Guy peux-tu nous parler de ta relation privilégiée avec Laurent Fignon ?

Un jour, que je faisais une course à Combs-la-Ville, un gamin est venu admirer mon beau vélo Mercier « service course ». Nous avons échangé quelques mots sur le vélo. Le gamin a gagné ce jour-là sa première course en cadet : c’était Laurent Fignon. Pendant quelques années je ne l’ai pas revu et c’est seulement lors des éliminatoires du « premier pas Dunlop » à Domont, que nous nous sommes croisés à nouveau. Laurent était ami avec Franck Clemente le fils d’un de mes copains.

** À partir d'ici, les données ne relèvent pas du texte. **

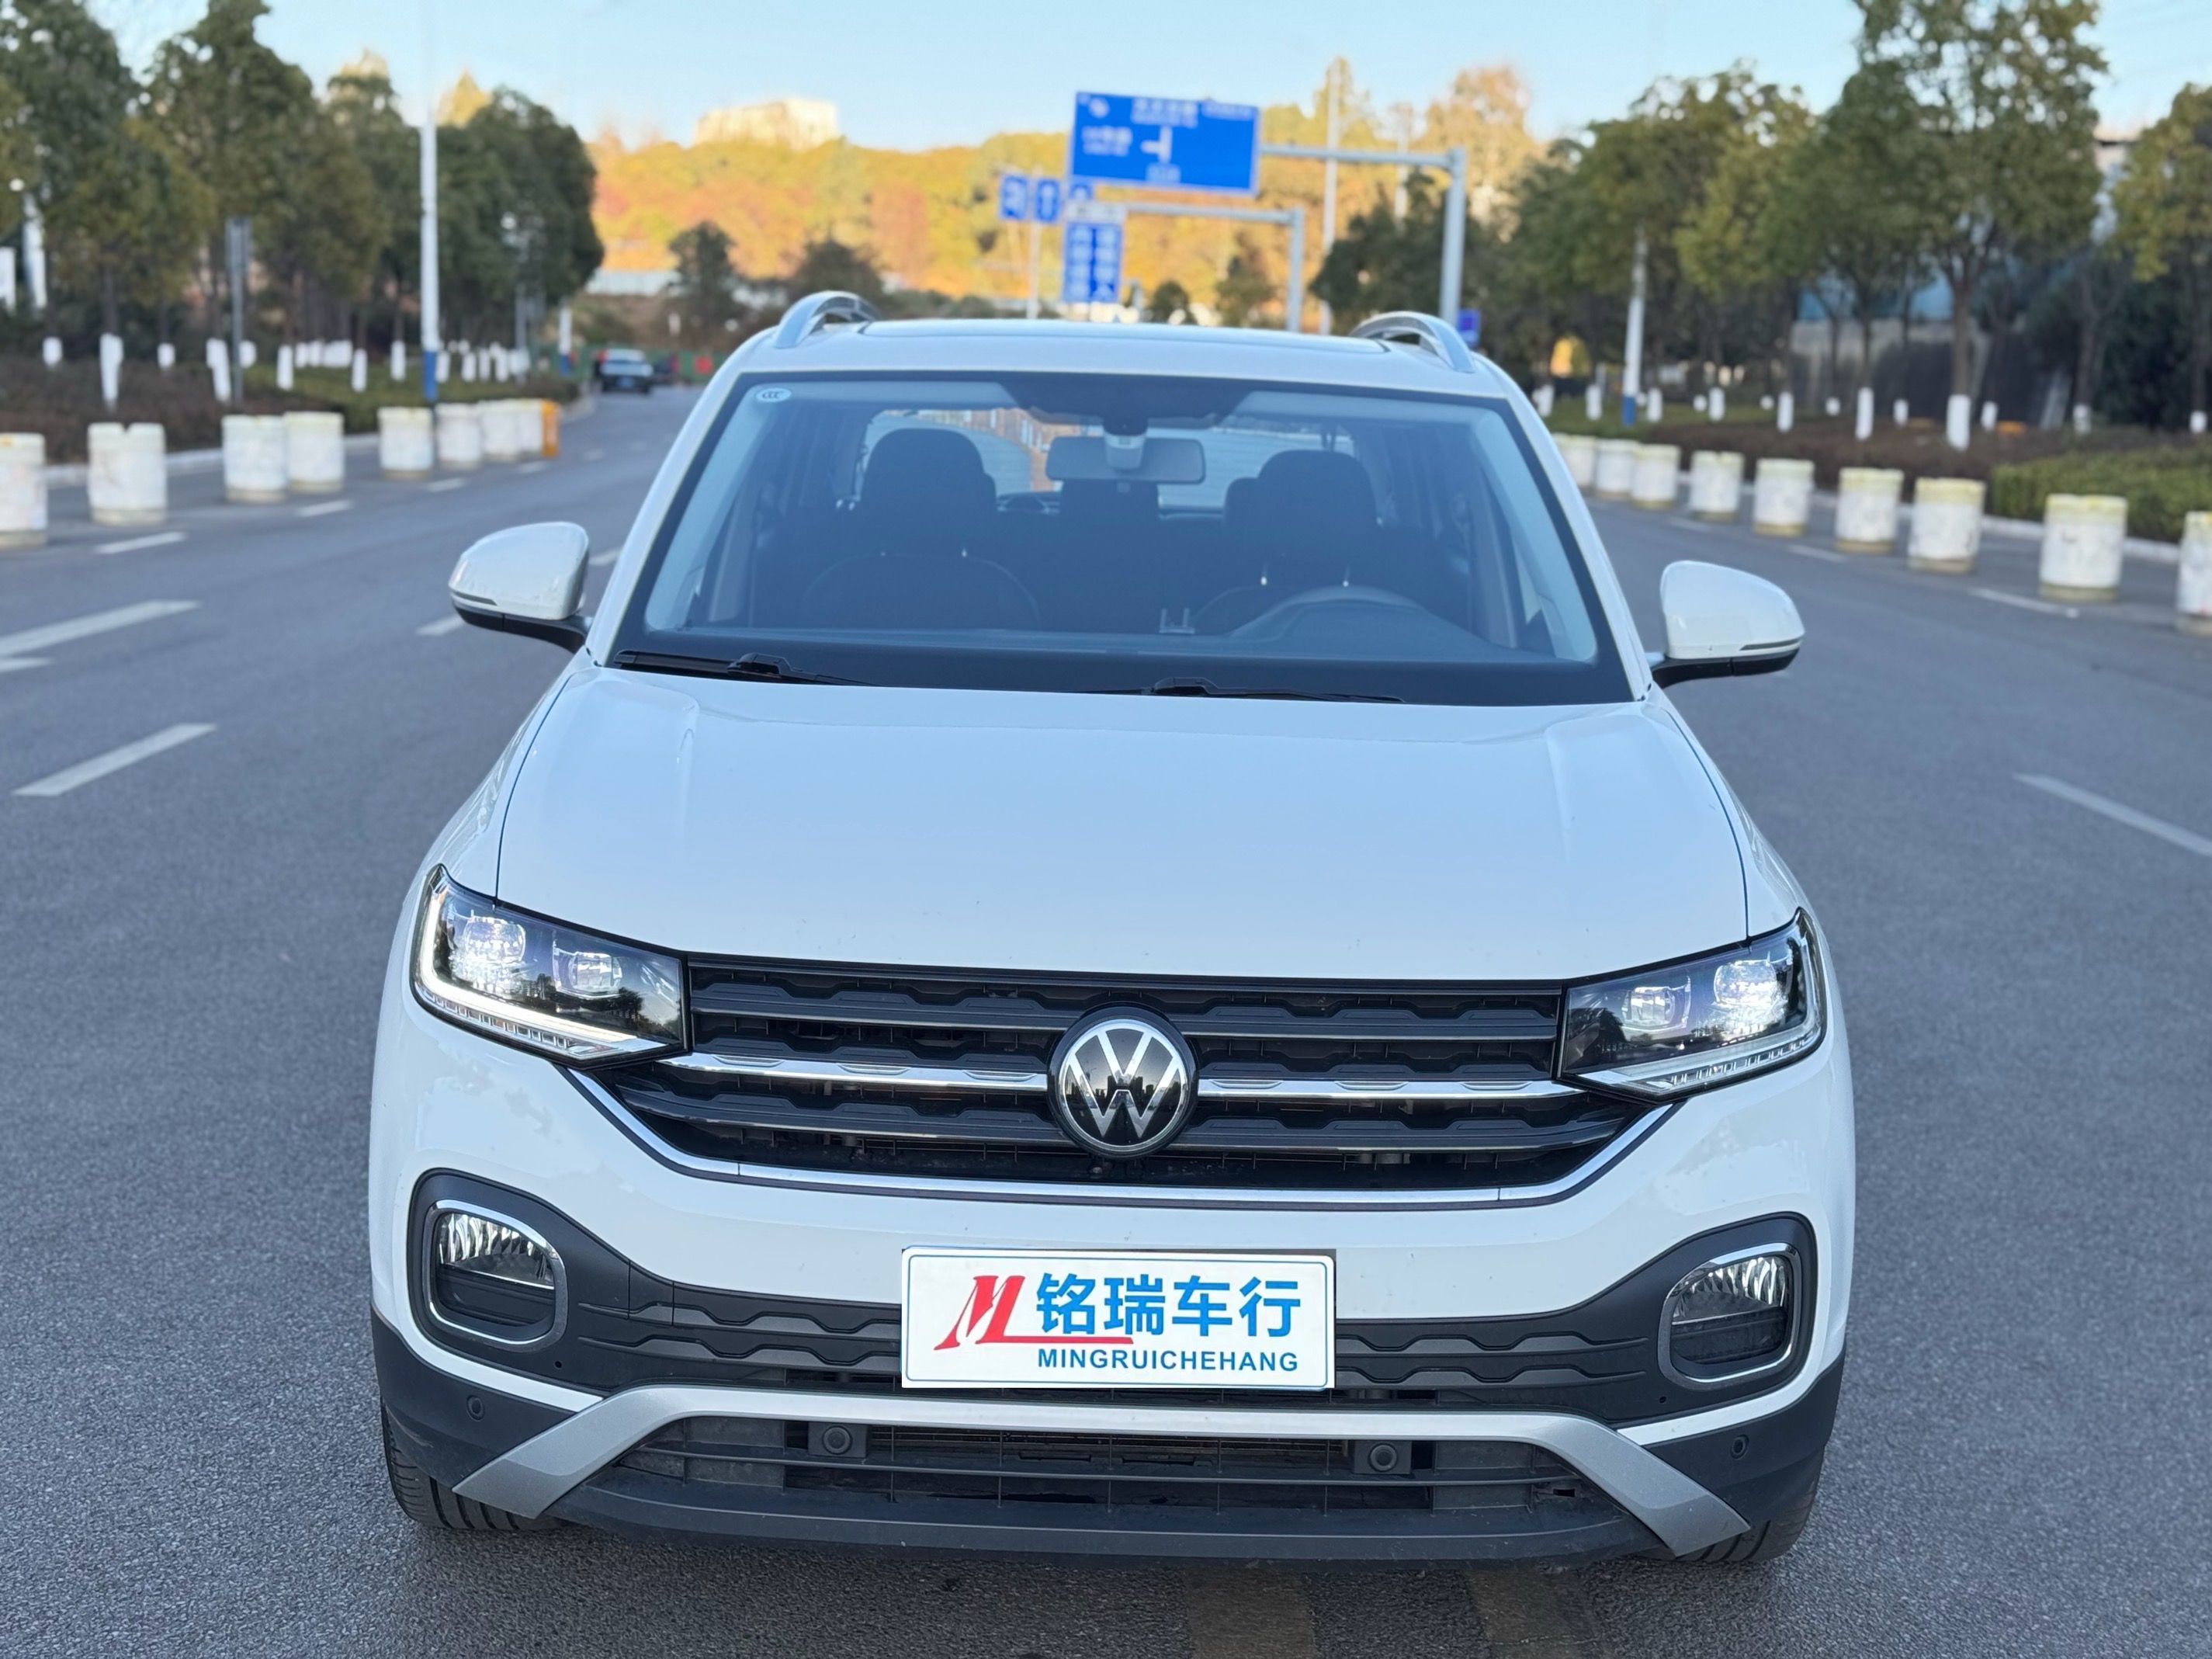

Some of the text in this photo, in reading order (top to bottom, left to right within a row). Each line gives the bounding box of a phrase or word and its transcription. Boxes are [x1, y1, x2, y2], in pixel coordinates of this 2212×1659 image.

[1063, 1026, 1183, 1139] VW
[1036, 1272, 1301, 1338] 铭瑞车行
[1038, 1348, 1298, 1372] MINGRUICHEHANG

On s’est revu ensuite quand Laurent est passé amateur et beaucoup plus lorsqu’il est passé « pro ». Laurent était rentré dans l’équipe Renault avec Pascal Jules et je donnais un coup de main à l’équipe car par ailleurs j’avais un vrai métier. Bernard Quilfen déposait les vélos à mon pavillon et je faisais les révisions. À l’époque les coureurs n’avaient que 2 vélos  … ce n’était pas comme maintenant. C’est ainsi que j’ai commencé à suivre le début de la carrière pro de Laurent.

Il gagne à Cannes … sur Blois – Chaville il casse son pédalier … C’est pas de « pot » car au service des courses ils avaient reçu un message de Campa comme quoi il y avait un défaut sur une série d’axes. En course il a dû changer de vélo et il s’est retrouvé sur un vélo de secours sur lequel l’axe n’avait pas été modifié.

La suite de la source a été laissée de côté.